Vita terdiam sejenak kemudian menghela napas kasar. “Tahu. Orang tua Ayuni juga tahu. Hanya Andreas yang nggak tahu karena saat itu memang usia kandungannya baru tiga minggu.”
“Seharusnya Andreas diberitahu.”
“Harusnya. Tapi, Ayuni juga harus ngasih tahu kalau dia dijaga. Lima tahun lamanya, Ryan. Udah lima tahun Ayuni dijaga karena kondisi rahimnya nggak baik kalau hamil lagi. Ayuni sempat kok, minta cerai sama Andreas.
“Tapi dianya yang nggak mau dan akan menerima Ayuni apa adanya. Eeh! Ternyata semuanya bulshit. Dia nikah lagi bahkan tanpa sepengetahuan Ayuni. Kan kampret. Ayuni sempat mikir, katanya itu karma buat dia karena udah merahasiakan penyakit dia.”
Ryan menghela napas dengan pelan. “Sebenarnya Ayuni masih mencintai suaminya, kan?”
Vita mengendikan bahunya. “Entah. Hanya Ayuni yang tahu kalau soal itu.”
Ryan tersenyum tipis kemudian pamit pergi.
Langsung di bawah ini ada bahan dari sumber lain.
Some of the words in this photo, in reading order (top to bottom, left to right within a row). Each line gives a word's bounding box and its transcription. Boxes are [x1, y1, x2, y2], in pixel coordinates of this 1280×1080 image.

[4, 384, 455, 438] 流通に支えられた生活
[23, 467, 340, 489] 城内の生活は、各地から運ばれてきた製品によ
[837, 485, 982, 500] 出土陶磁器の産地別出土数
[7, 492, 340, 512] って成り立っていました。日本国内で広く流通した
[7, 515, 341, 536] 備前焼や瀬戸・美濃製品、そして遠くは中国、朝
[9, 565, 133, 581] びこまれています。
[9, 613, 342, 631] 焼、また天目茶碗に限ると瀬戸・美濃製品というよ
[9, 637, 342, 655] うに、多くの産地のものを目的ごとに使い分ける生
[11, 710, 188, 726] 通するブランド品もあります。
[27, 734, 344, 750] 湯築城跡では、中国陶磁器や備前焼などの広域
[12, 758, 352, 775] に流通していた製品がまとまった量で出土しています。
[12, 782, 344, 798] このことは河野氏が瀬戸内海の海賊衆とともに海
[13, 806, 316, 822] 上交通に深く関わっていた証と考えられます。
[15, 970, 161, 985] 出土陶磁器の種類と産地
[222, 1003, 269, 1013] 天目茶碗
Pun dengan Vita yang akhirnya mengurungkan diri untuk menjenguk Ayuni sebab perempua itu rupanya sudah tidur.
**
Waktu sudah menunjuk angka delapan pagi.
Dan lelaki itu sudah berada di kamar rawat Ayuni sembari membawakan obat untuk diminum Ayuni setelah dirawat.
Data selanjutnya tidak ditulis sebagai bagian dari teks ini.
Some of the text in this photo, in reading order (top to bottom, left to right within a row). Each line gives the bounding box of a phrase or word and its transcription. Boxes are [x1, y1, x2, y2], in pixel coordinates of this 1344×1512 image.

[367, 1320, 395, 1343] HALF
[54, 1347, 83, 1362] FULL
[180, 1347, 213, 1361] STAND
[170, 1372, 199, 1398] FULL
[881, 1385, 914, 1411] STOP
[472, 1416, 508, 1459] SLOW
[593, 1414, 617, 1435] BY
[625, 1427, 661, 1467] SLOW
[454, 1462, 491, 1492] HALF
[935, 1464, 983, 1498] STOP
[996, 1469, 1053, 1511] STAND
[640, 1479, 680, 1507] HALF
“Thank you, Ryan.” Ayuni kemudian mengulas senyum kepada lelaki itu.
“Sama-sama. Pulang sama siapa? Andreas?”
Ayuni menggelengkan kepalanya. “Aku nggak bilang kalau udah mau pulang.”
Ryan kemudian menghela napasnya dengan panjang. “Mau, aku antar?”
Ayuni lantas menoleh dengan cepat kepada Ryan. “Ng—nggak usah, Ryan. Nggak usah repot-repot. Kamu kan, harus kerja. Pasien kamu bukan hanya aku doang, kan? Masih banyak yang lain. Nanti ada Dhita yang antar aku pulang.”
Ayuni tidak enak hati bila menerima tawaran dari Ryan. Meski lelaki itu teman lamanya, tetap saja membuatnya canggung.
“Ya sudah kalau tidak mau diantar. Kamu, sudah save nomor aku, kan?”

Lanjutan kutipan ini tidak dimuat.